In Chile, Judge Juan Guzman this week, his interrogation of General Augustino Pinochet completed, set the wheels in motion for a trial almost exactly two and a quarter years since Scotland Yard detectives, acting on a warrant from a Spanish judge, arrested Pinochet in a London clinic where he was recovering from a back operation. The next day former British prime minister Margaret Thatcher attacked the police publicly for disturbing the rest of a "sick and frail old man."

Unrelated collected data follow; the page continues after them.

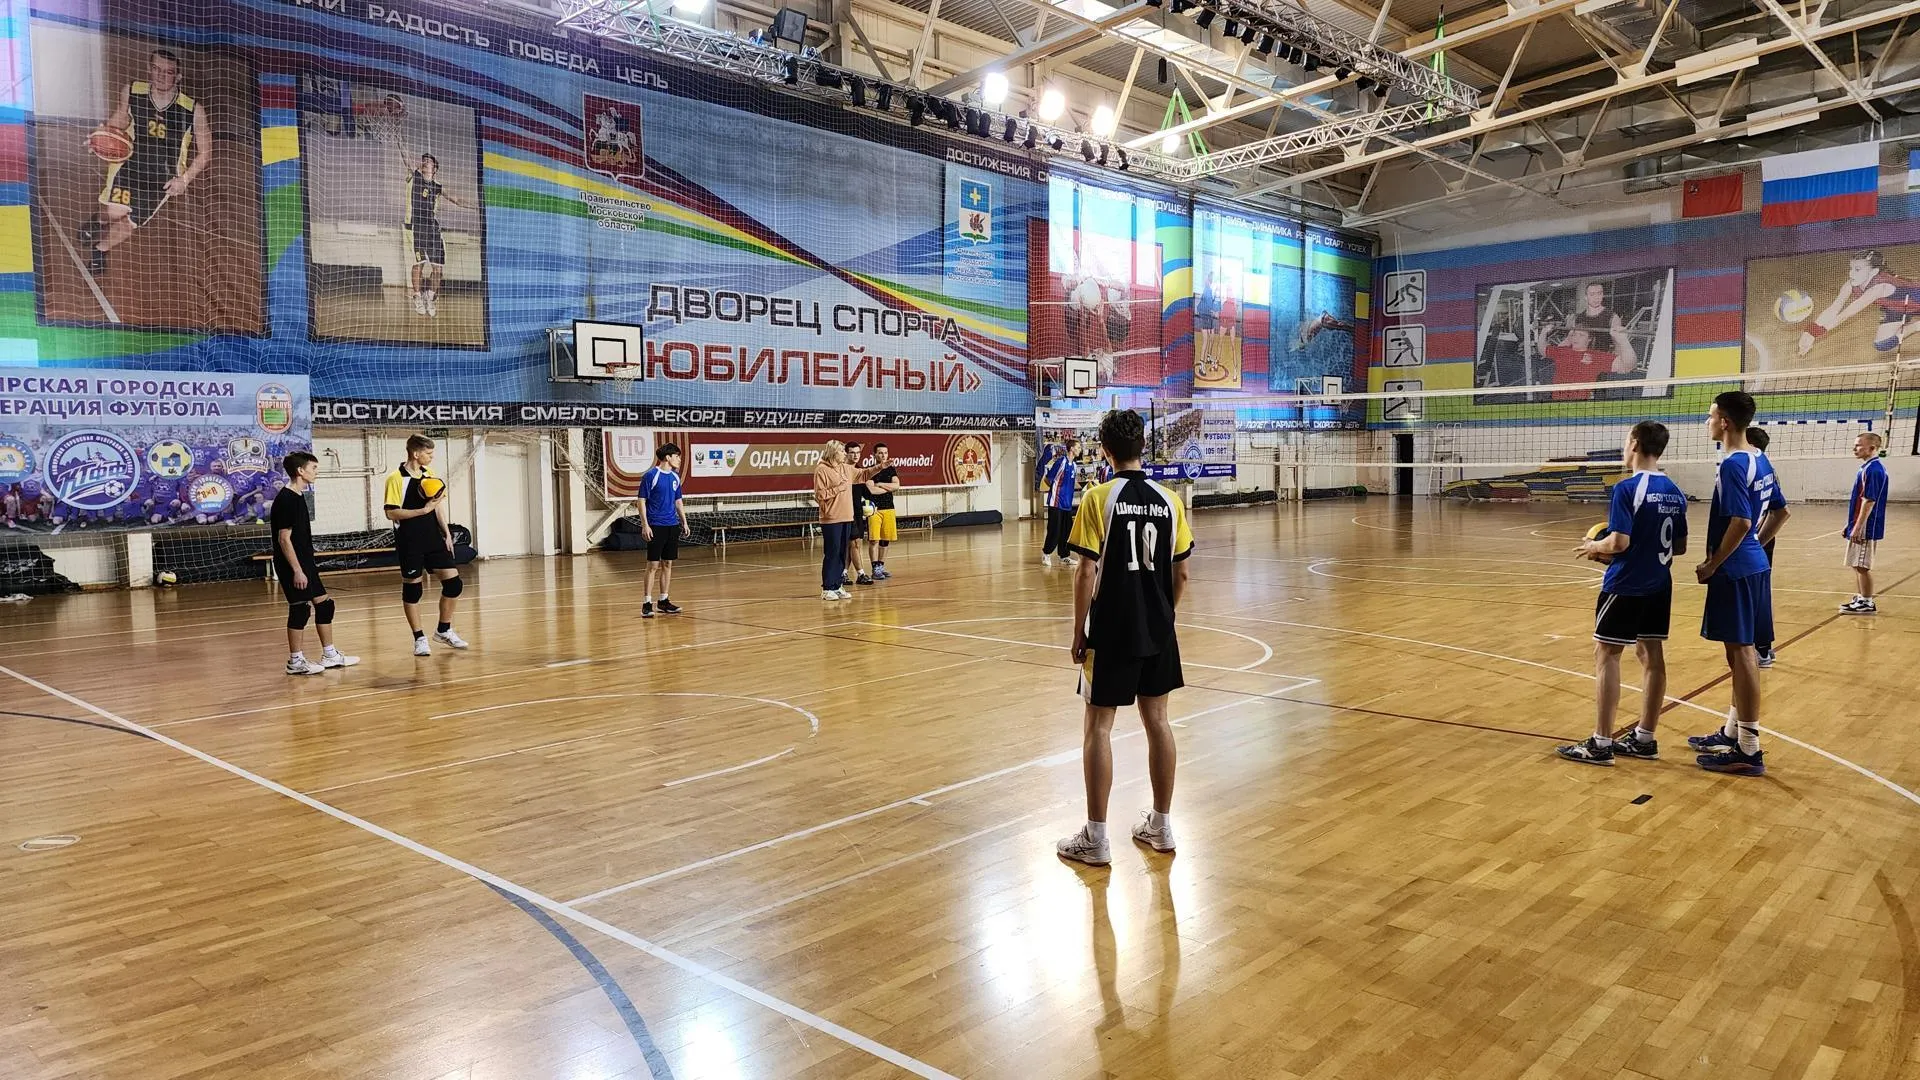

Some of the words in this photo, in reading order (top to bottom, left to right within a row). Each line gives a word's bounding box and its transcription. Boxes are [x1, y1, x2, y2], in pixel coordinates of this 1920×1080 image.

[368, 4, 490, 47] РАДОСТЬ
[508, 38, 600, 73] ПОБЕДА
[616, 65, 669, 89] ЦЕЛЬ
[148, 120, 167, 139] 26
[946, 147, 1030, 178] ДОСТИЖЕНИЯ
[580, 191, 652, 211] Правительство
[588, 205, 645, 222] Московской
[597, 220, 637, 232] области
[1324, 236, 1344, 249] СТАРТ
[647, 283, 822, 336] ДВОРЕЦ
[832, 303, 964, 344] СПОРТА
[0, 377, 88, 394] РСКАЯ
[96, 379, 235, 399] ГОРОДСКАЯ
[109, 400, 222, 417] ФУТБОЛА
[311, 402, 504, 422] ДОСТИЖЕНИЯ
[520, 406, 639, 421] СМЕЛОСТЬ
[652, 408, 726, 425] РЕКОРД
[743, 411, 825, 426] БУДУЩЕЕ
[838, 413, 886, 424] СПОРТ
[894, 414, 932, 426] СИЛА
[940, 415, 1009, 427] ДИНАМИКА
[749, 450, 791, 469] ОДНА
[1115, 501, 1148, 516] Школа
[1149, 503, 1169, 519] №4
[1126, 520, 1158, 572] 10
[1657, 516, 1673, 566] 9

The arrest of Pinochet at the time appeared like a bolt from the blue.
Amenesty's crucial role
Amnesty International had tried, but failed, on Pinochet's previous visits to Britain to persuade the authorities to investigate the case. Not even the most well-informed considered it a possibility. It can be said with certainty that it never crossed the mind of the British judges who were soon to be landed the job of untangling the legal intricacies.

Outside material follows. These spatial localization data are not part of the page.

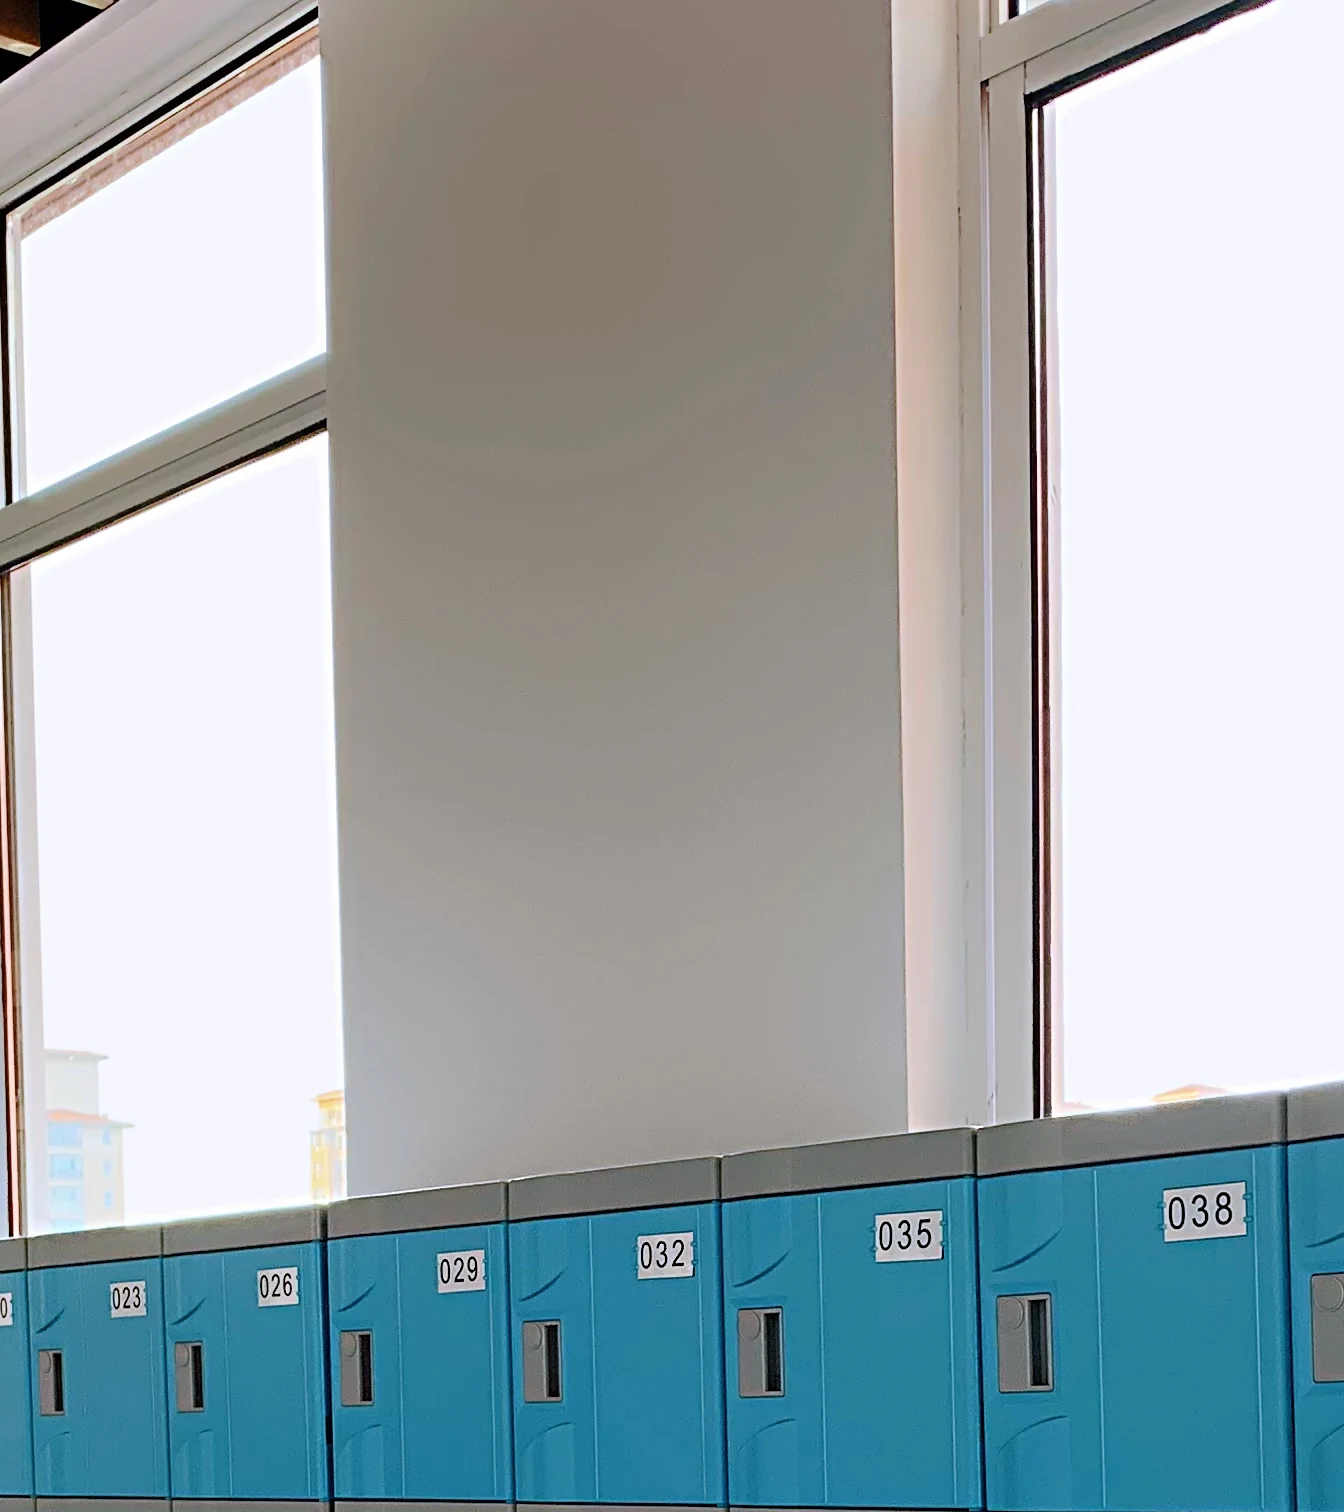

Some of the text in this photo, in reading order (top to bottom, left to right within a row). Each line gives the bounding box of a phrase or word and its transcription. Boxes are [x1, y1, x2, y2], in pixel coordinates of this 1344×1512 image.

[1169, 1192, 1232, 1229] 038
[879, 1219, 931, 1250] 035
[641, 1240, 684, 1269] 032
[440, 1257, 477, 1284] 029
[113, 1286, 140, 1309] 023
[260, 1273, 292, 1298] 026

Looking back it was Amnesty's decision in December 1972 to campaign for a UN Convention on Torture that was the undoing of Pinochet. Ironically it was Pinochet's coup in Chile in September 1973 that gave an enormous boost to the Amnesty campaign. It gave a sense of immediacy and urgency to everything that Amnesty had been saying, spilling over into the UN General Assembly which began its session only days after the coup. At the time most Third World and Communist countries were highly suspicious of "Western" critiques of their human rights behavior. But Allende was to many of them an heroic figure, and they suspected that the US was behind his overthrow.

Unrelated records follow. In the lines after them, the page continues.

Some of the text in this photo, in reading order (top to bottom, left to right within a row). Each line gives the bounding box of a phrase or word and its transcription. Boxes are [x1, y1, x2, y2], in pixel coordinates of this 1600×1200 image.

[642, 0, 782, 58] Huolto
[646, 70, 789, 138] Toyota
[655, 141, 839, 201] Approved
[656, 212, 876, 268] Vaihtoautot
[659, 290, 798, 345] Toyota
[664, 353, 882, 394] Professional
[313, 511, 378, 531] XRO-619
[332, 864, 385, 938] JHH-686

For all that, it took 11 years of hard, grinding work before the UN approved a legally binding treaty against torture, in 1984. The list of those who fought for it included the expected: Scandinavian governments and Holland, and the quite unexpected: the US administration of Ronald Reagan and the British government led by Margaret Thatcher.
When, after Pinochet's arrest, the House of Lords met to decide on whether he was eligible for trial it was Amnesty which presented a long and detailed disposition. Never before had a high court anywhere allowed a non-governmental organization to file an argument on such a sensitive matter. The court agreed by a majority of six to one that torture was an international crime and there was no immunity even for heads of state.
Chile confronts its past
That the British government then decided to allow Pinochet to return to Chile because they judged that his health was precarious will be a black mark forever in Prime Minister Tony Blair's book. To allow Pinochet his freedom, before the line was properly drawn in history's sands, was to fudge a major turning point in the world's maturing understanding of jurisprudence. At the time the British government had no way of knowing that the Chilean courts would pick up the baton in the way they recently have. The Chilean Supreme Court even today has on its bench judges selected by Pinochet. The army, as was demonstrated by the tremendous welcome it staged for Pinochet on his return from London, still finds a place for him in its heart. Yet something has profoundly changed in Chile over the years -- and his two year detention in Britain and the court case there clearly worked to compel Chile to confront its past. The Chilean doctors, unlike their British counterparts, decided he was fit for trial, even though the examination was carried out in a military hospital. The armed forces are not muscling in to save him. Indeed, one highly placed general from the Pinochet years has now denounced him.
The end is in sight. It has now gone too far for there to be any turning back. Pinochet will be surely convicted. And the world will be a safer place than it was before, not just in Chile, but everywhere.
Jonathan Power is a freelance columnist based in London.